## Given data:
● ● ● ●

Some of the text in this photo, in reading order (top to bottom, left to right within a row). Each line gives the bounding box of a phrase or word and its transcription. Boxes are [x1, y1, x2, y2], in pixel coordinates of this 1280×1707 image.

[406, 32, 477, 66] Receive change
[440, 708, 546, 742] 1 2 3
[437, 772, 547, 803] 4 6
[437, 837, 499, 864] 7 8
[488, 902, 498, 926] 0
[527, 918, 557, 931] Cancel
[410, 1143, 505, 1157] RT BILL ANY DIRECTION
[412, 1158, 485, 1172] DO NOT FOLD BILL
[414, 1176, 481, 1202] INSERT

● ● ● ●

## What you are asked to do:
Give all the records above again, wording unchanged.

## Result of this task:
Some of the text in this photo, in reading order (top to bottom, left to right within a row). Each line gives the bounding box of a phrase or word and its transcription. Boxes are [x1, y1, x2, y2], in pixel coordinates of this 1280×1707 image.

[406, 32, 477, 66] Receive change
[440, 708, 546, 742] 1 2 3
[437, 772, 547, 803] 4 6
[437, 837, 499, 864] 7 8
[488, 902, 498, 926] 0
[527, 918, 557, 931] Cancel
[410, 1143, 505, 1157] RT BILL ANY DIRECTION
[412, 1158, 485, 1172] DO NOT FOLD BILL
[414, 1176, 481, 1202] INSERT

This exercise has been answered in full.